When winter starts to wain and the promise of spring gives you hope, you bring home with you, green growing things and great expectations. I do it every year. But this year I was far away, returned late in May. With perennials in front of the house I didn’t have to put much stuff in the ground but all of my containers were stored. Everyone I knew had their plants established while I rummaged through left overs at the lawn & garden store. There were some good buys, plants that weren’t perfect, passed over and now just hoping to drop their roots somewhere before being recycled in the compost heap. It was the fist week of June before my plants were all in. Two weeks later everything looked fine, except for the tomatoes.
Flowers have always been good to me, give them a drink now and then and pull a few weeds. But my luck with tomatoes has been nothing but bad.
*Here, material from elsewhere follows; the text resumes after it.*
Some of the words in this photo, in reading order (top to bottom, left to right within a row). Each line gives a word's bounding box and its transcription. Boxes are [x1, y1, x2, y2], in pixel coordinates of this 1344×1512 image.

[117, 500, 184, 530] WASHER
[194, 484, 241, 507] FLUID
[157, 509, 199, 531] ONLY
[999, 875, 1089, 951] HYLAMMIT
If it’s not caterpillars or white flies it’s blossom-end-rot or mold. But they had great deals on healthy plants that should have been in the ground a month earlier. So I bought six, made them at home in 20 gallon pots. By the time they acclimated and got their roots in gear it was July. Everybody else had little green tomatoes and mine were still growing a root network. I figured they would come late but with a little luck, I would get some tomatoes.
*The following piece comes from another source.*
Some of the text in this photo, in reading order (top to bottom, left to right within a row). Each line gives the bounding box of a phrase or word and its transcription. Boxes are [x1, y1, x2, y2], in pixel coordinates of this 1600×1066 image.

In September, as green tomatoes began to turn, yellow first then into orange, I discovered that neighborhood squirrels had been watching them too. There was a yellow-pink tomato that would be just right in two or three days. When I checked again, it had been gnawed on, through the skin into the meaty flesh, just enough for flies to gain access and torpedo the salad I had planned. So I started harvesting firm, yellow-pink fruits keeping just ahead of the squirrels. They ripen on my countertop instead of vine ripened, like the samples down at Farmer’s Market. But I had tomatoes.
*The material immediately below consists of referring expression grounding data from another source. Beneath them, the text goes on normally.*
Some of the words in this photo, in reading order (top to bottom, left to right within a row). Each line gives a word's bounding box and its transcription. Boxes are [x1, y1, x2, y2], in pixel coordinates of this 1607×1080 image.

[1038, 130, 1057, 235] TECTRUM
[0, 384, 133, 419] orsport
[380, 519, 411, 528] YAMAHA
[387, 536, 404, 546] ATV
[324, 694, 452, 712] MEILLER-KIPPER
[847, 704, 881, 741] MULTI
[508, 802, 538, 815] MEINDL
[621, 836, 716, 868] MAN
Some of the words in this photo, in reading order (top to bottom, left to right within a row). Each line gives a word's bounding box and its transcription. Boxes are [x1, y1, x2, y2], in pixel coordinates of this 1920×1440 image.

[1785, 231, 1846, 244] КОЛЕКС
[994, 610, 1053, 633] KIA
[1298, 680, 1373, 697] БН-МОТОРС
So now it’s October, short days and cool nights, what’s left on the vines will not ripen in the sun. Plants aren’t stupid. They know, at least the annuals, when nights turn cool and sunlight goes away, they look in the mirror and say to themselves, “OMG, I’m so old. I don’t have much time left.” It’s programmed into the DNA, when the odds go against you and your time is short, reproduce. Bloom again, make new fruits; it’s all about the seeds. “If I”m going to perish, at least I can seed a new generation.” So that’s what they do and they spend all of their remaining energy on new blooms and whatever tomatoes are left, are left hanging like orphans. Then I come along and see the new blooms, tell the late tomatoes, in tomato talk, “You guys have been disinherited, you get nothing from now on. Why don’t you come with me? I’ll spread you out in the kitchen and you can ripen there, listen to the radio, watch me eat cereal in the morning.” They are smart enough, know that however their destiny plays out, they won’t be back in the spring. I collected all of my October tomatoes today, leaving the parent plants to fret over blossoms that will never set fruit. Between slicers and summer salad, my little harvest will last a week or so. The green ones may not make it to ripe; may have to do the fried green thing, dredged in garlic and pepper flour. If I had bib overhauls and a straw hat I could look the part.